Patients with suspicious findings underwent ultrasound-guided or stereotactic-guided core biopsy. US-guided biopsy was obtained on the same day and place where the study took place. Written patient consent was obtained for all biopsy procedures.
Cystic lesions were subjected to ultrasound-guided fine-needle aspiration and cytological assessment.
Histopathological results were collected from surgery for patients who were under follow-up of neoadjuvant chemotherapy and also for patients who underwent examination for the staging of proven breast cancer.
Patients without suspicious findings were subjected to follow-up every 6 months to assure the absence of cancer.
MedCalc version 18.2.1 (MedCalc Software, Ostend, Belgium) and XLSTAT version 2014.5.03 (Addinsoft, NY, USA) systems were used for data analysis.
The histopathological results (or follow-up) were the gold standard tests.
The following diagnostic indices were calculated: specificity, sensitivity, positive and negative predictive values, and positive and negative likelihood ratios, as well as correct classification and misclassification rates.
Inter-method agreement for binary outcomes was examined by calculation of Cohen’s kappa (κ), Scott’s bias-adjusted kappa (BAK, π), and Bennett’s prevalence-adjusted bias-adjusted kappa (PABAK). Agreement for ordinal variables was examined using the weighted kappa coefficient. A p-value less than 0.05 was considered statistically significant.

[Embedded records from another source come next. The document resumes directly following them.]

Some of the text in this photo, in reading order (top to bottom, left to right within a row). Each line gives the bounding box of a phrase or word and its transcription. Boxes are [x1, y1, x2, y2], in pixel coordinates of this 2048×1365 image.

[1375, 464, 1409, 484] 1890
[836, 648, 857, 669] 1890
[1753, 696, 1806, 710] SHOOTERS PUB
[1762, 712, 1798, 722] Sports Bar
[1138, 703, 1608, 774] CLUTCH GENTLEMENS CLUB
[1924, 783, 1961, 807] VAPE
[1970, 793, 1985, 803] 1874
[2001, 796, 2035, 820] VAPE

We retrospectively analyzed CESM of 123 patients with 133 lesions (3 multifocal and 7 multicentric IDC). We considered the histopathological results of the surgical piece as the gold standard for the 49 malignant lesions obtained from the patients who underwent surgery. True cut biopsy was done for 56 cases and was correlated with the histopathological results as a gold standard. Cytology results of 5 benign cystic lesions was employed as the gold standard. Follow-up was performed on the remaining 13 benign lesions every 6 months. According to histopathology and outcome of follow-up, 86 patients proved to have malignant pathology and 37 had benign pathology.

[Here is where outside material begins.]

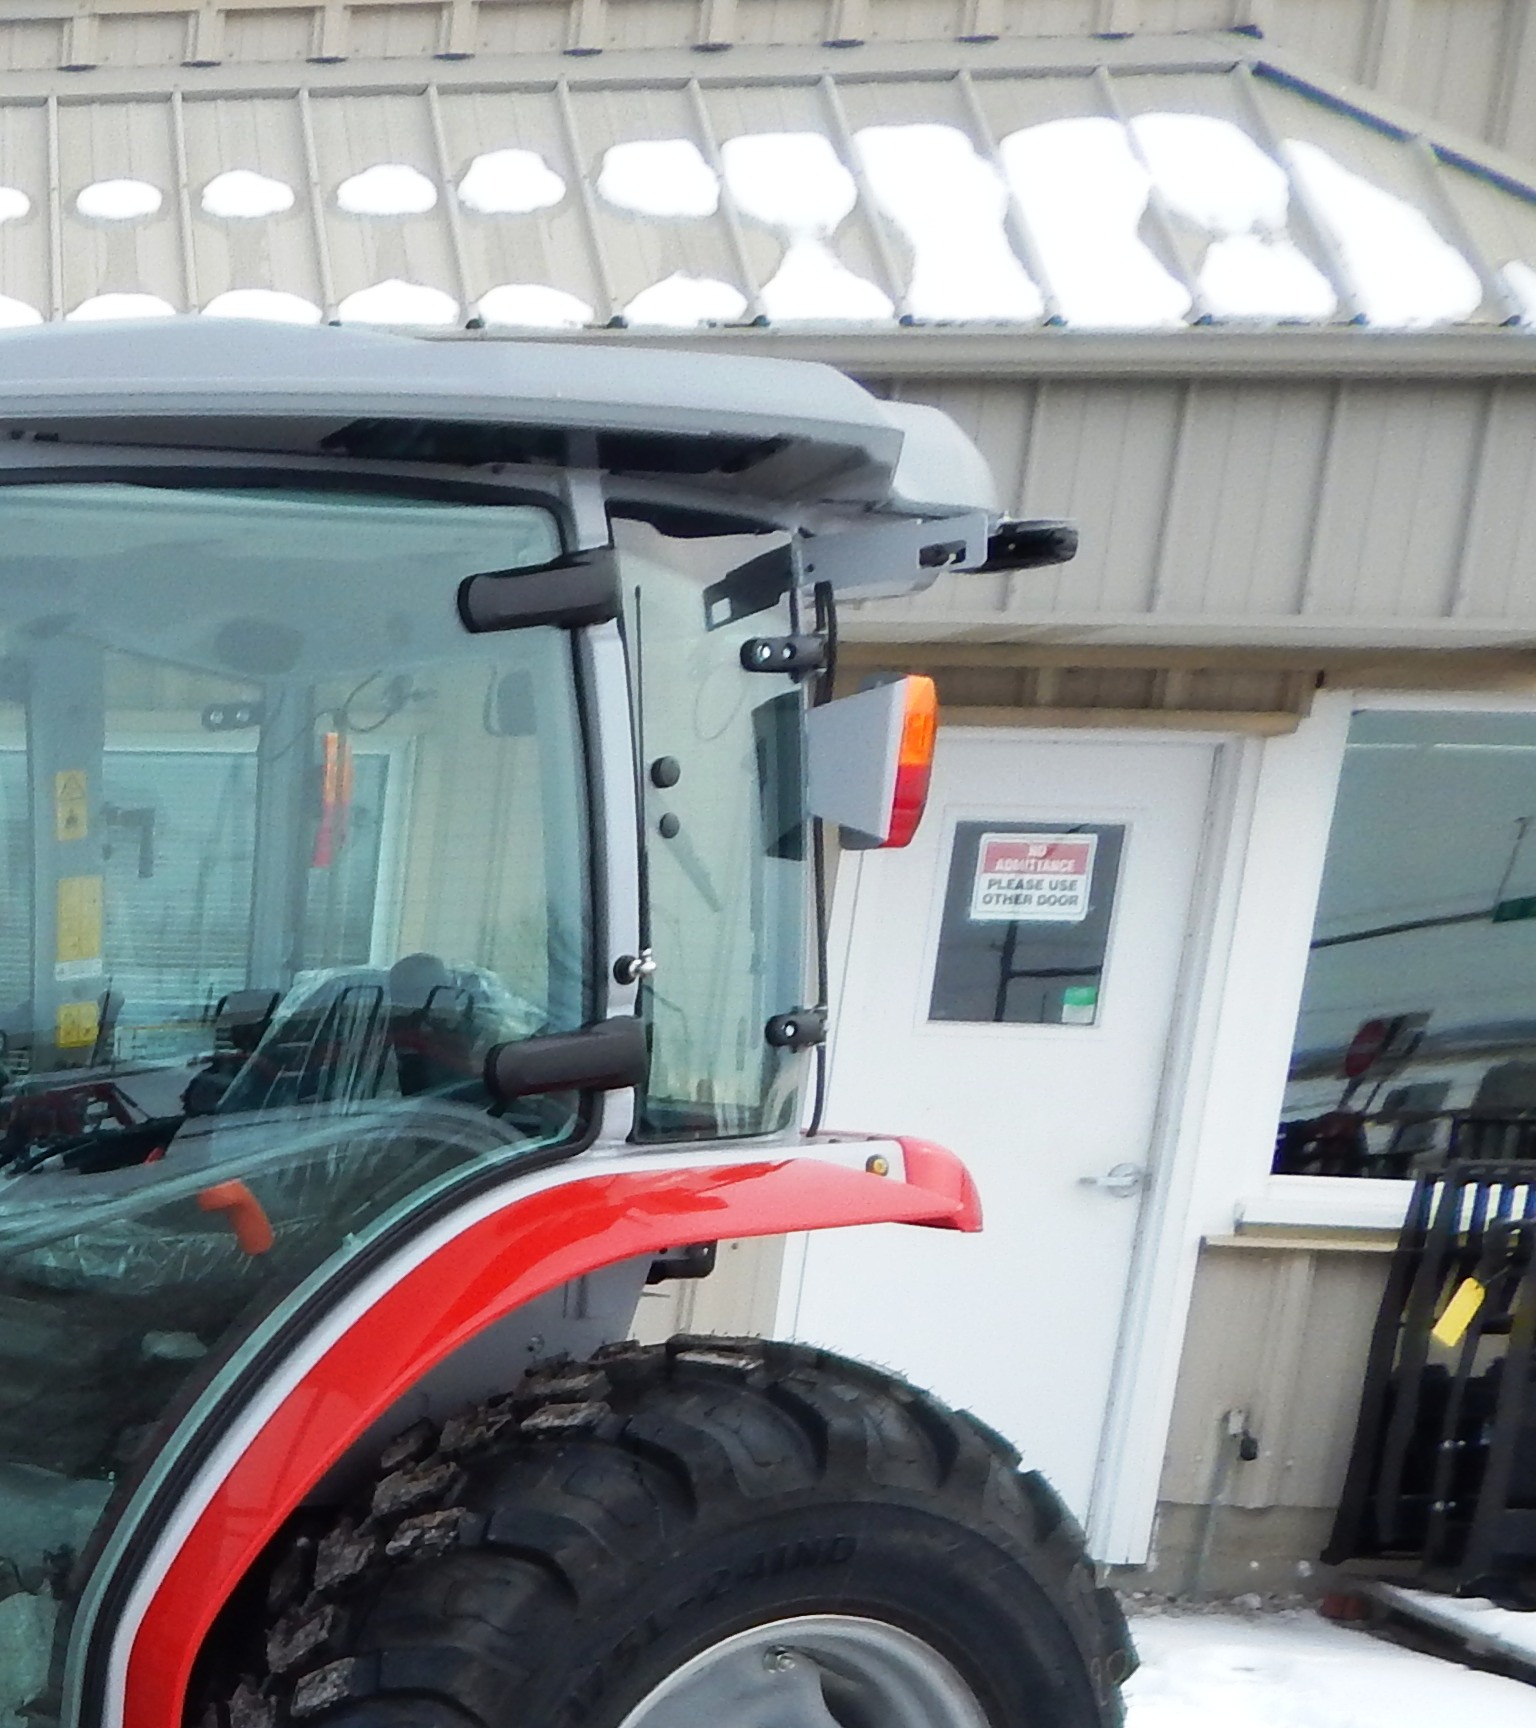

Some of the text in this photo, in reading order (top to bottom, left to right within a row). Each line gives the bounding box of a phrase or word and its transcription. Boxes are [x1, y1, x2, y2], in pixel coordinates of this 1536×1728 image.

[987, 878, 1078, 891] PLEASE USE
[982, 893, 1079, 906] OTHER DOOR

Breast parenchymal density was evaluated on the low energy mammographic images: 49/123 (39.8%) cases were classified as ACR “a” or “b” and 74/123 (60.1%) were classified as ACR “c” or “d.”

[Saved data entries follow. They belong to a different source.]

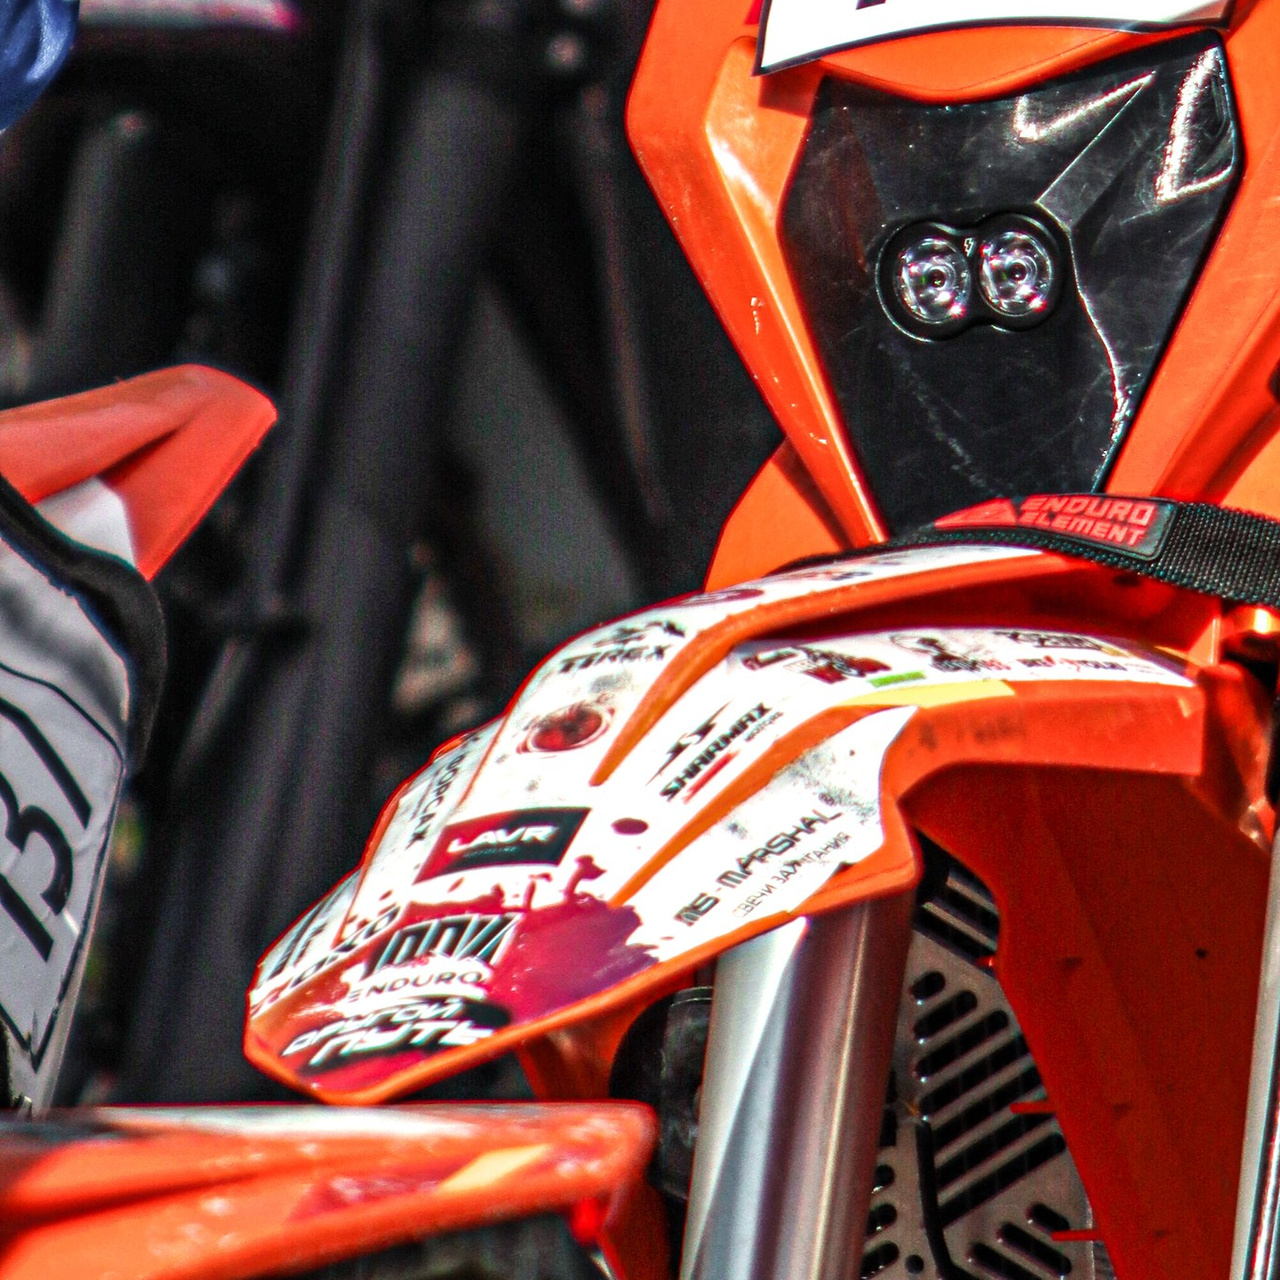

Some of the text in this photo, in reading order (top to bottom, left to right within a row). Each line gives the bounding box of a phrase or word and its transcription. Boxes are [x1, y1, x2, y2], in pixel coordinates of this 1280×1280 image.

[1019, 496, 1157, 527] ENDURO
[1017, 511, 1147, 546] ELEMENT
[660, 701, 773, 802] SHARMAX
[446, 825, 559, 853] LAVR
[347, 970, 484, 1003] ENDURO

Further assessment was performed for staging of proved malignancy in 18.7% of cases (n = 23) and to clarify the nature of indeterminate lesions including suspicious postoperative cases in another 61.7% (n = 76). Follow-up cases post neoadjuvant chemotherapy were 20.3% (n = 25).
Malignant lesions included: 25 invasive ductal carcinoma (33.25%); 13 invasive lobular carcinoma (15.1%) (Fig. 2); 11 cases with ductal carcinoma in situ (DCIS) (12.7%); 11 IDC with in situ component (12.7%); and 2 cases of mucinous carcinoma (2.3%). 25 cases were NAC under follow-up (33.25%) and 4 cases of recurrent IDC were diagnosed among cases under postoperative follow-up, 2 cases were false positive cases of sclerosing adenosis.
Categorical data were presented as number and percentage and inter-group differences were compared using the Pearson chi-squared test (for nominal data) or the chi-squared test for trend (for ordinal data).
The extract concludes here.